Specifically, it is a stateless application, designed to be created/destroyed frequently which is backed by a database. This allows easy load-balancing and scaling.

The application makes use of the Java Persistence API (JPA) to define its data model. Specifically, we use hibernate as the JPA provider . This allows the application to be plugged into a number of different databases.

The application uses Spring Boot to define RESTful endpoints. The endpoints are designed to consume and return JSON. Spring makes use of Jackson to convert text to JSON.

The application is designed to run in an embedded jetty server. The application is built using Apache Maven. The produced artifact is a runnable JAR that creates a jetty server and deploys the application.

The static application configuration is stored in an file. The dynamic configuration (e.g. database endpoint) is set at runtime by setting command line arguments.

Application Purpose

The application is designed to receive usage information deployed AMPs. This information is fine grained usage information about individual events (CREATED, DESTROYED etc.) for an application or location. The microservice validates and stores this information in a database.

Data consumers can query the microservice about a particular AMP and retrieve a summary of this usage information. Currently, an AMP ID is provided along with a start and an end date. The microservice returns the usage information in hours for all the locations the AMP manages.


AMPs push events to the metering microservice by configuring the MeteringPusher UsageListener. This could potentially be extended in the future to provide more data on each event.

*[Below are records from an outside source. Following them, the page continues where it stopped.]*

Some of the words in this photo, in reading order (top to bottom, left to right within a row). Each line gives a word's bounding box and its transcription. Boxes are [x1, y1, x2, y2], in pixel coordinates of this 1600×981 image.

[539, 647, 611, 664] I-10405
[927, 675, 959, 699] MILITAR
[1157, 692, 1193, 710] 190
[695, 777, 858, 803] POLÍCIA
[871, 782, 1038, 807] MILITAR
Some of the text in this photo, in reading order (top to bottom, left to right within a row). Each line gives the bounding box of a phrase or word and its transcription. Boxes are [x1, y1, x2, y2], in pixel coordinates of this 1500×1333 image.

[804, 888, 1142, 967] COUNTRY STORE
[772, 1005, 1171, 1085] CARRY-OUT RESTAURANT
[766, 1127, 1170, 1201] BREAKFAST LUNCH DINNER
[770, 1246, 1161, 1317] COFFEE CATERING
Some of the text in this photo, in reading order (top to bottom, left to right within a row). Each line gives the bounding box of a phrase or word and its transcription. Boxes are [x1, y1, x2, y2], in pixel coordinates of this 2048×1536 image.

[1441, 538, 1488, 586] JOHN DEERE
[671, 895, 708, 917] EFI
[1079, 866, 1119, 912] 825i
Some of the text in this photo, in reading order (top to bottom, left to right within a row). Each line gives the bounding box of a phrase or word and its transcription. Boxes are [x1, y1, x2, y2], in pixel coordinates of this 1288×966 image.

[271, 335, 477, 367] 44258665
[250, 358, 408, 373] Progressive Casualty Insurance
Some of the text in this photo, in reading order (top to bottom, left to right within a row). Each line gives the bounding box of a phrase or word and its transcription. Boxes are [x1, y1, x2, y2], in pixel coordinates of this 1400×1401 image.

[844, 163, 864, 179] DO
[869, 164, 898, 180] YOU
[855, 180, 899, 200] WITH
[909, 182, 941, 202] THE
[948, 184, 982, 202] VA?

The concept of Data Consumer is not fixed, it is purely whoever has access to the API. For example, this consumer could be:

  • A master AMP that provisioned the Customer AMPs, which is reporting back to a billing API
  • A separate billing service
  • A separate web application
  • A human


There are currently two roles defined in the metering microservice:

  • Admin: May create new (non-admin) users and query the metering microservice for usage summary. By default there is a single user with this role.
  • User: May only record usage information. AMPs are configured with a user, and will send usage information as that user. When the admin is retrieving usage information they will supply a user name to retrieve the usage for. This is to allow usage to be grouped in a convenient manner. For example, if this Microservice takes usage information from AMPs that serve different customers, the user ID can be thought of as a Customer or Tenant ID. In the REST API this is frequently refered to as the tenantID.